Refurbishing Six Commodore 64s In Parallel

[Drygol] found himself with six Commodore 64’s in various states of disrepair. Because batch work is often more efficient, he detailed the process of restoring all of them in parallel in this one-, two-, three-part series.

The first step was to whiten the cases. Old cases turn yellow from the degradation of the fire retardant additives in the plastic. The proven method to fix this is with a paste called Retr0bright. [Drygol] used hair bleaching paste which is very similar. The cases came out nicely whitened from their treatment.

Next he repaired the keyboard PCB and whitened the keys as well. Drinking was involved, but it all came out okay. The circuit boards were cleaned and inspected. There were a few corroded spots, broken chips, and bad solder joints to be repaired. A few common mods were also installed.

In the final part of the series two of the C64s have SD cards installed into them. A few interesting fixes were done to repair broken plastics. Lastly the two worst cases were painted. In the end [Drygol] found himself with six perfectly working and attractive C64s. Who know’s what he’ll do with them, but we all know that was not the point.

12 thoughts on “Refurbishing Six Commodore 64s In Parallel

  1. [Drygol] fixed the PCBs (broken chips and solder joints), and also modded-in SD cards for two of them.
    Turned six broken ugly things into six working aesthetically-pleasing working devices. Great hacking IMO.
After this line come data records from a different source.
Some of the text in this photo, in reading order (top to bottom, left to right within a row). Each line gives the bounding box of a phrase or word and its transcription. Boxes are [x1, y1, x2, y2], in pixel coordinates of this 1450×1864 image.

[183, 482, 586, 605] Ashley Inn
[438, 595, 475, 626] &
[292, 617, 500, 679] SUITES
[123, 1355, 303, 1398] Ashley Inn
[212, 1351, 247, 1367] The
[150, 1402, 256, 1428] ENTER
  2. Nice job in restoring these nice machines. Good job in saving them from the dumpster.
    Adding the SD2IEC is a nice feature (although seeing a case being beautifully restored and then “destroyed” with an extra slot for the card and holes for the LED’s, it hurts my retro heart… a little bit).
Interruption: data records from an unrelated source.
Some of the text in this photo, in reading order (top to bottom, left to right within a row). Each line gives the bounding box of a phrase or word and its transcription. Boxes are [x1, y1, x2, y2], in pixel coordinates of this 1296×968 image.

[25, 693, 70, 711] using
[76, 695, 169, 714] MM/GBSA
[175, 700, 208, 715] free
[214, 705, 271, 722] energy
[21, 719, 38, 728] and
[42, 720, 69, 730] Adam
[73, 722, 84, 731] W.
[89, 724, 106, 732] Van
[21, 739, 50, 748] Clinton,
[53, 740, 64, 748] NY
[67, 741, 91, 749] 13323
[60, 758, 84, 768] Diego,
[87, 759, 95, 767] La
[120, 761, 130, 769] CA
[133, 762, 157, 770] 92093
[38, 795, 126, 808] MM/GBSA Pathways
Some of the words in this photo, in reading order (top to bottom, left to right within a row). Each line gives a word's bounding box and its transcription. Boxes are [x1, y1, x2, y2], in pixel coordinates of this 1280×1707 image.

    Does any body know where he bought the “expression (cream hydrogen peroxide)”?

    Does any body has a tip/suggestion regarding how to color the keys without destroying the print on it?
    The beautiful blue C64 has still the original key colors, at home I have a similar situation, a black painted C64 (painted many many years ago way before retrobright was created). Somehow, it does not look really finished (with the key still being the same color). Using the grey C16 keys is not an option (these keys are not completely identical regarding their symbols). Also an old C64 keyboard with brown keys is not an option.
    Does anybody know of transparent paint perhaps or have experience with it?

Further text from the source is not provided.